We used DBGhost, and then had custom pre- and post-deployment scripts to do certain types of changes, such as renaming a column (`if exists old_column { add new column; copy old to new; drop old_column; }`), or adding expensive indexes. One of the best parts is all it stores in source control is all the CREATE scripts for database objects (and the custom pre/post deployment scripts). Pull requests would let you trivially see a new column or index being added.

Compared to the pain of creating and maintaining up/down scripts and the long-term problem where deploying a new instance takes thousands of migration steps (or risking the inital CREATE scripts not matching what happens after all migrations), doing a schema sync was significantly simpler in nearly every respect.

I've been looking for something similar for Postgres and MySQL/MariaDB without any luck, and it really surprises me there's not more interest in doing migrations this way.


At Facebook we discovered this is especially important for large sharded environments. As you add more shards, the chances that a migration will fail on at least one of them (simply due to hardware failure) increases. A declarative approach, where you have a repo of CREATE statements that your tools can diff/sync automatically, is much easier to manage. You can have automation just retry in a loop until the shard converges on the desired final state.

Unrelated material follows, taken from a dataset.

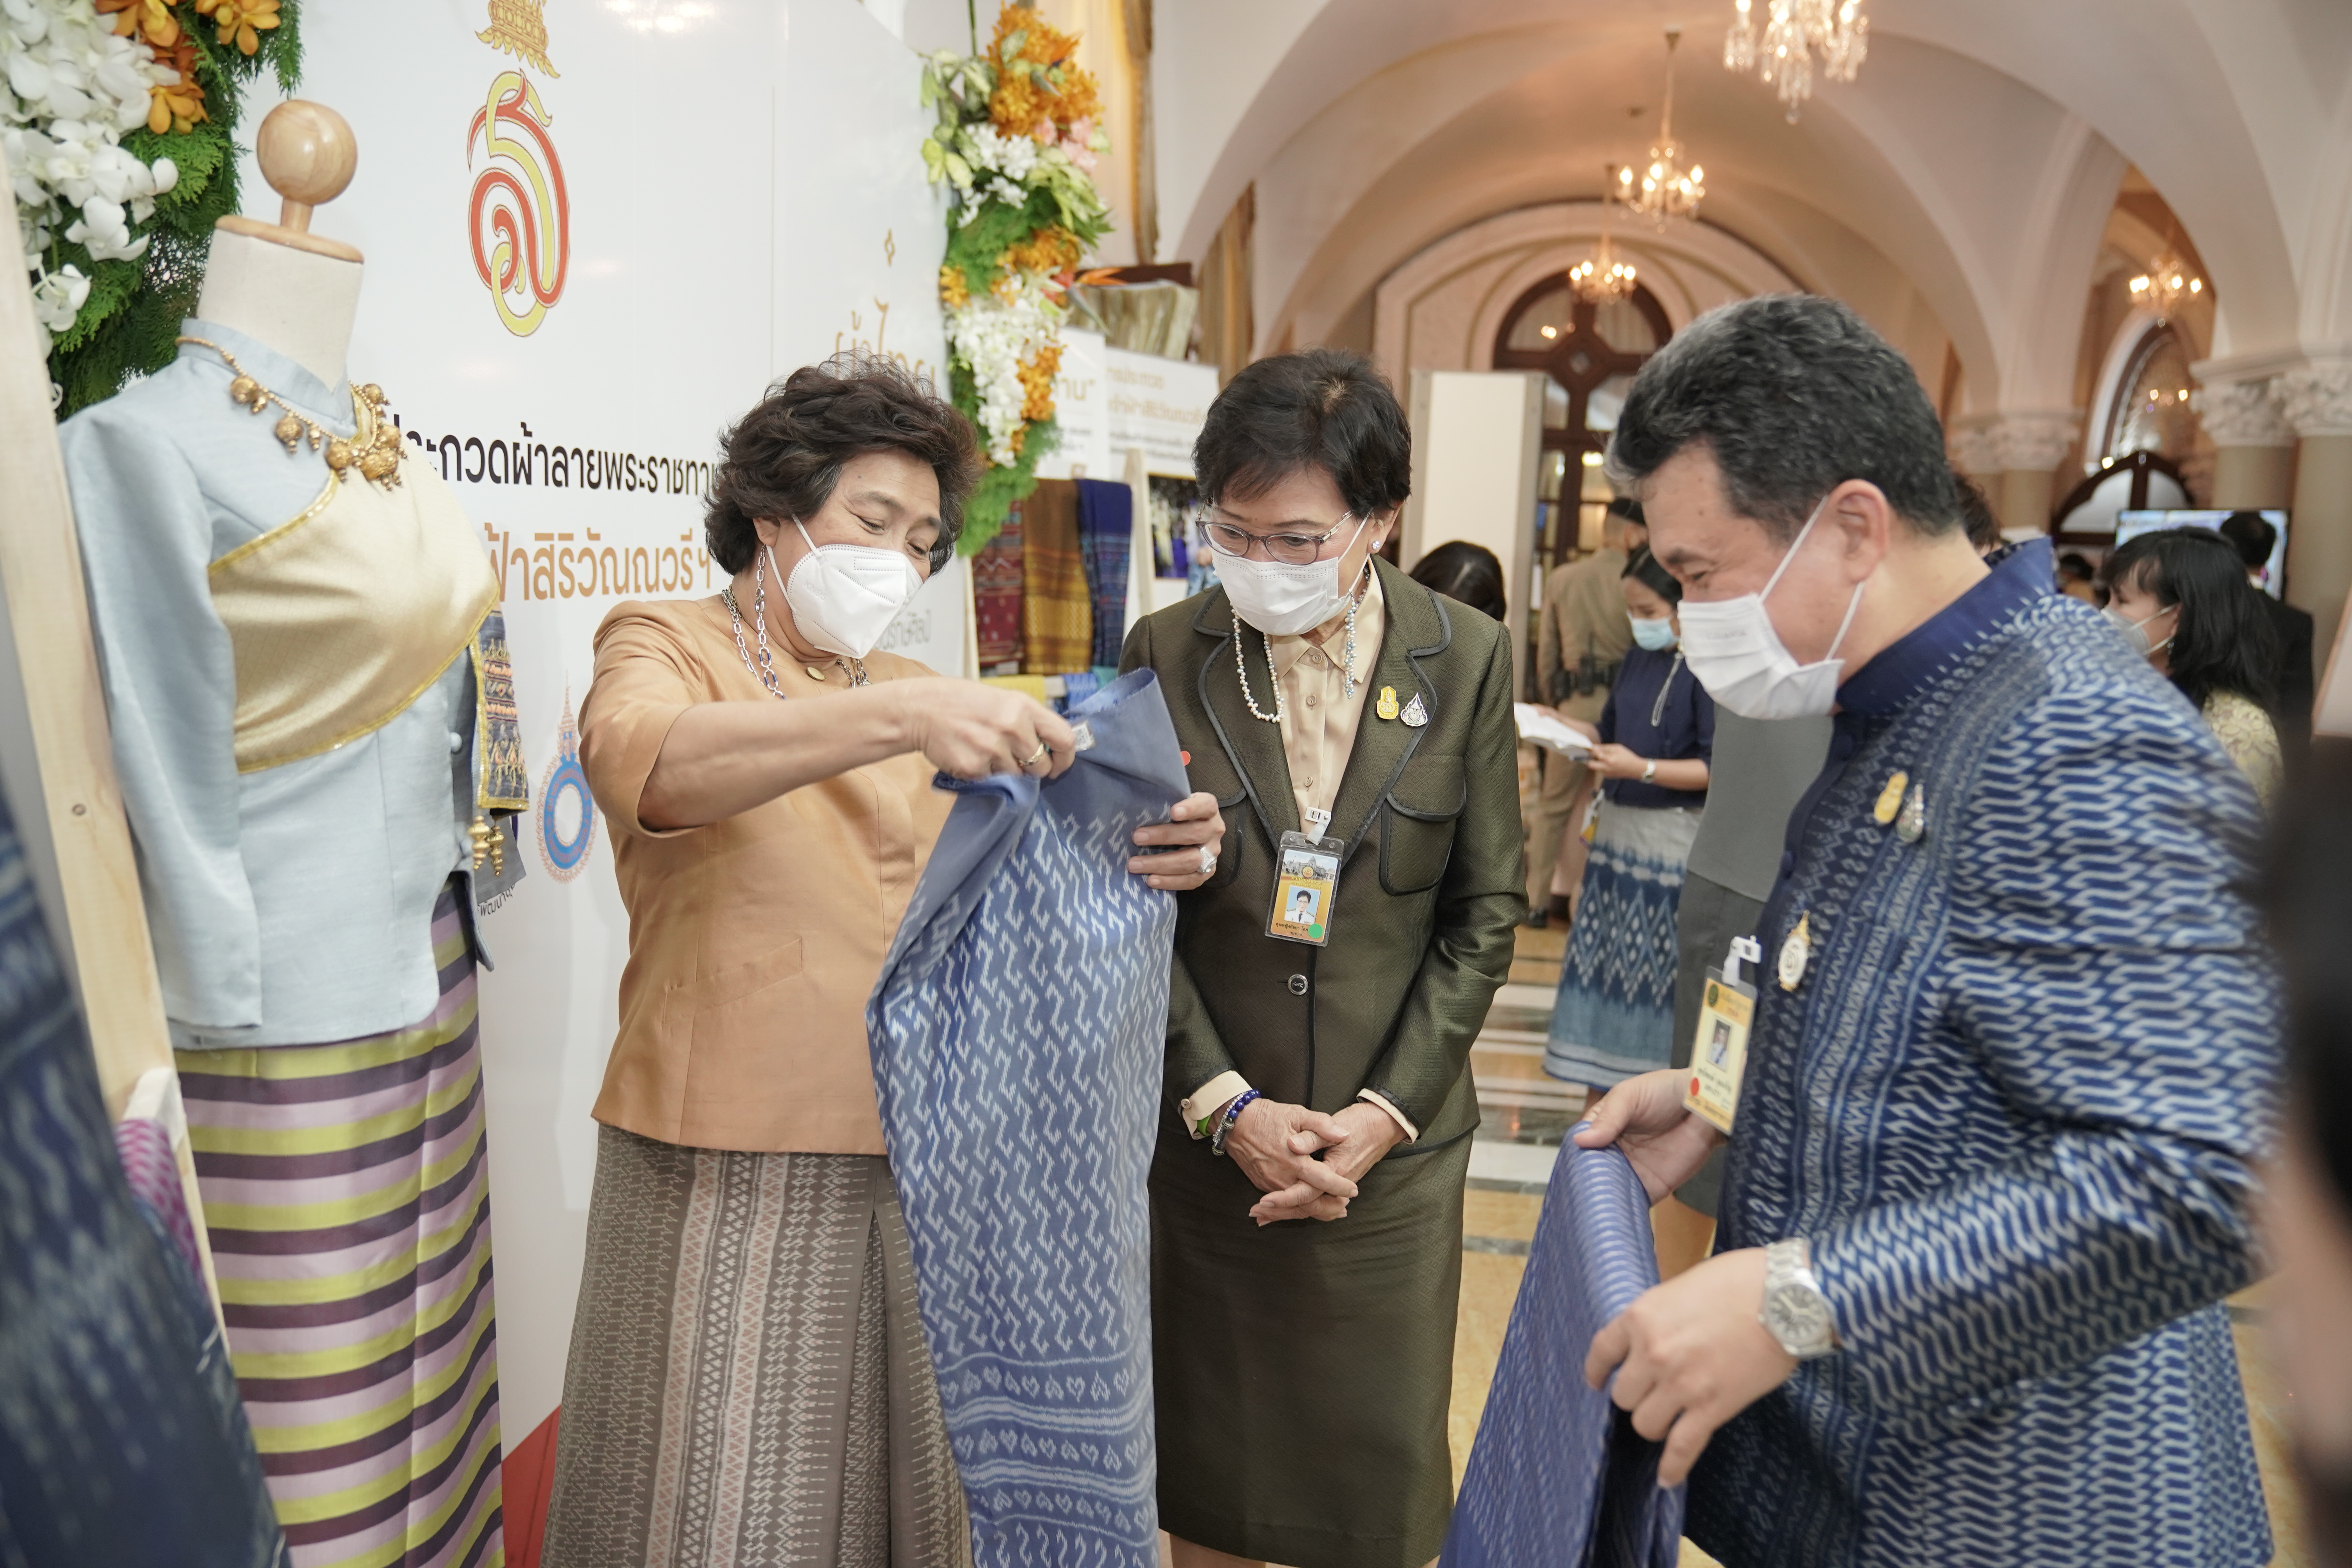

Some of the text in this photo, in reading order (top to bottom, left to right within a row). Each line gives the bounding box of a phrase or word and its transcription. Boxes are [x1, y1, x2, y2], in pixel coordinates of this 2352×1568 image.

[394, 414, 714, 495] ะกวดผ้าลายพระราชทา
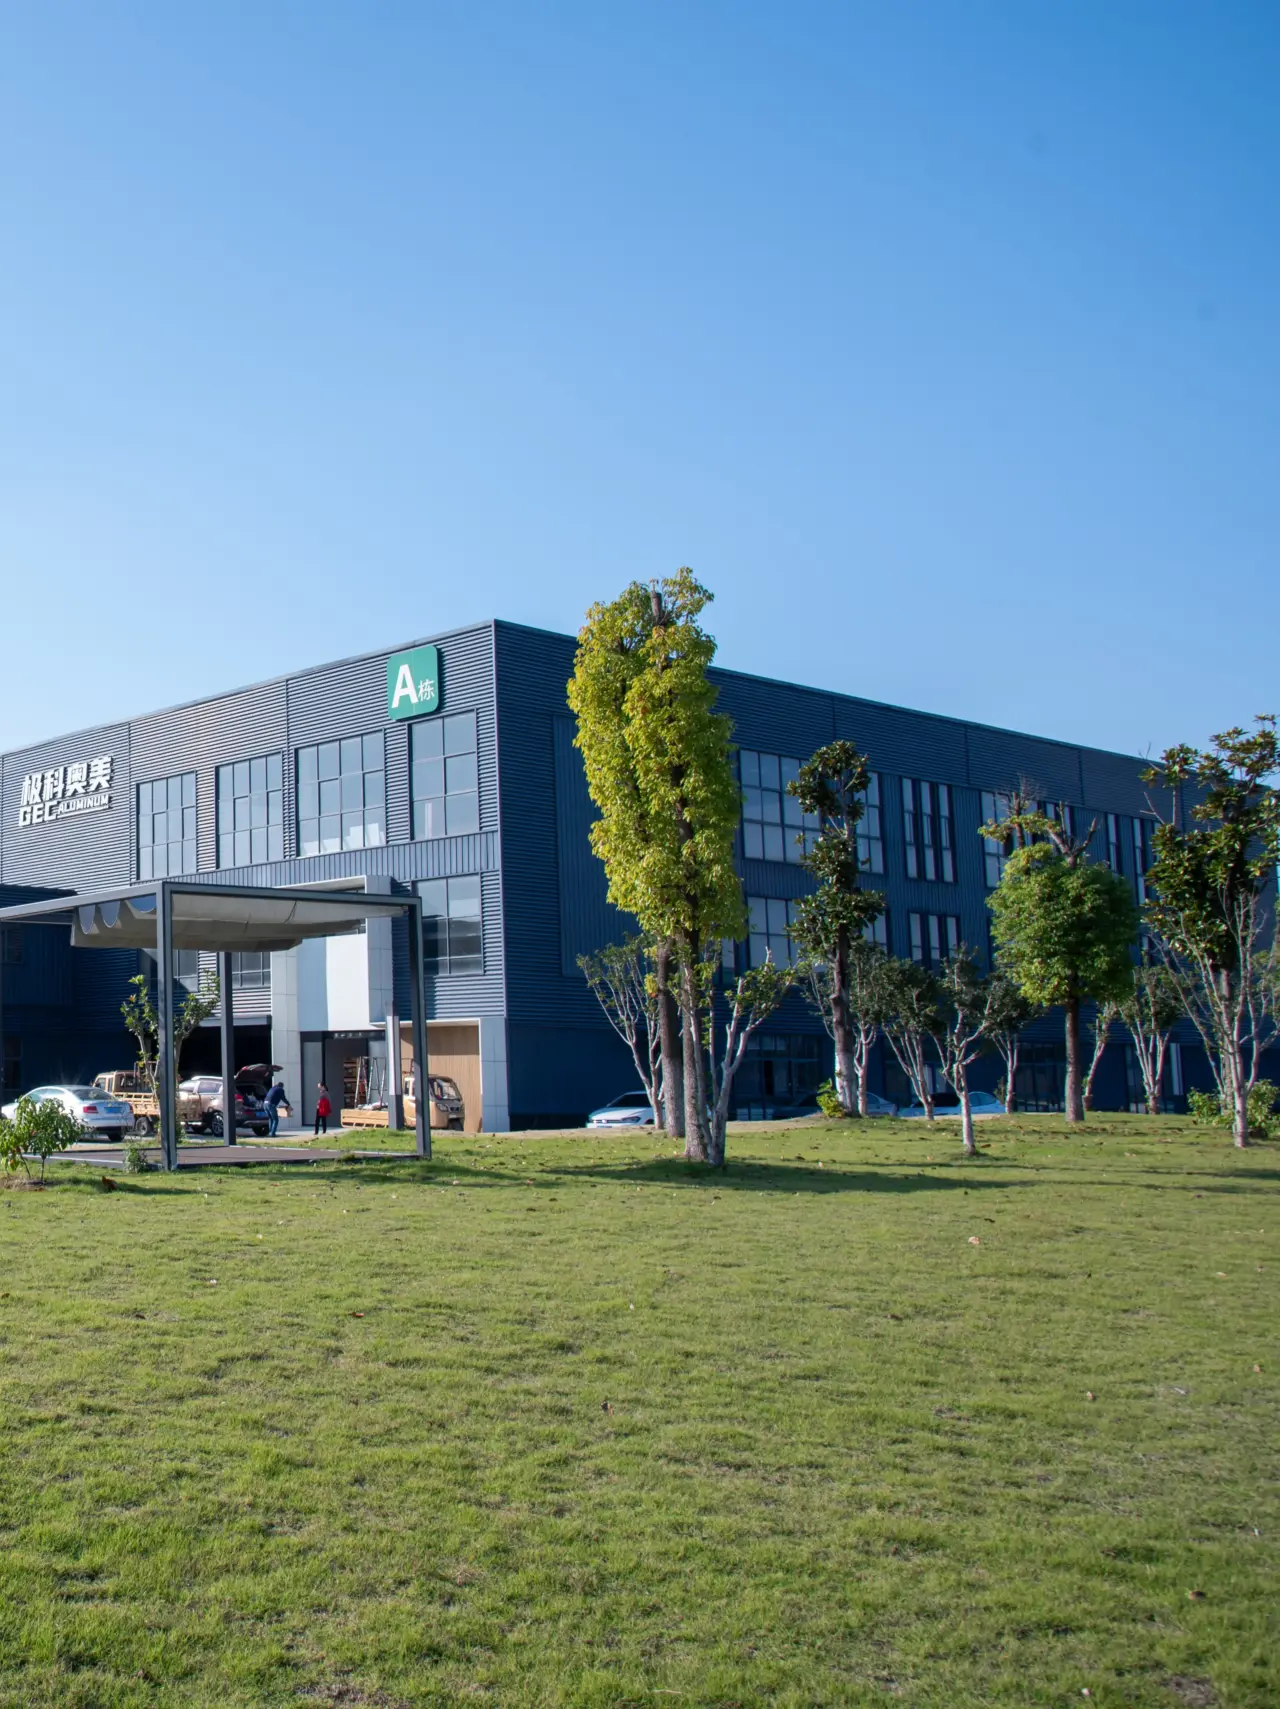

> I've been looking for something similar for Postgres and MySQL/MariaDB without any luck

For MySQL, I wrote an open source tool to do this: http://github.com/skeema/skeema -- it gives you a repo-of-CREATE-statements approach to schema management, like you describe.

Skeema's CLI is inspired by Git (in terms of paradigm for subcommands) and the MySQL client (in terms of option-handling), so if you know how to use those tools, it's a cinch to learn. Basically you `skeema init` to initially populate your CREATE statements (one file per table) from a db instance. You can then change those files locally and run `skeema diff` to view auto-generated DDL, or `skeema push` to actually execute it. Or if you make "out of band" changes directly to the db -- such as renames, or just someone doing something manually for whatever reason -- then you can `skeema pull` to update the files accordingly.

Skeema's configuration supports online schema change tools, service discovery, sharding, various safety options, etc. I also hope to add integration with GitHub API at some point. That can provide a really nice "self service" model for schema management at scale.


(We should coin a term for this. I propose: "idempotent database updates".)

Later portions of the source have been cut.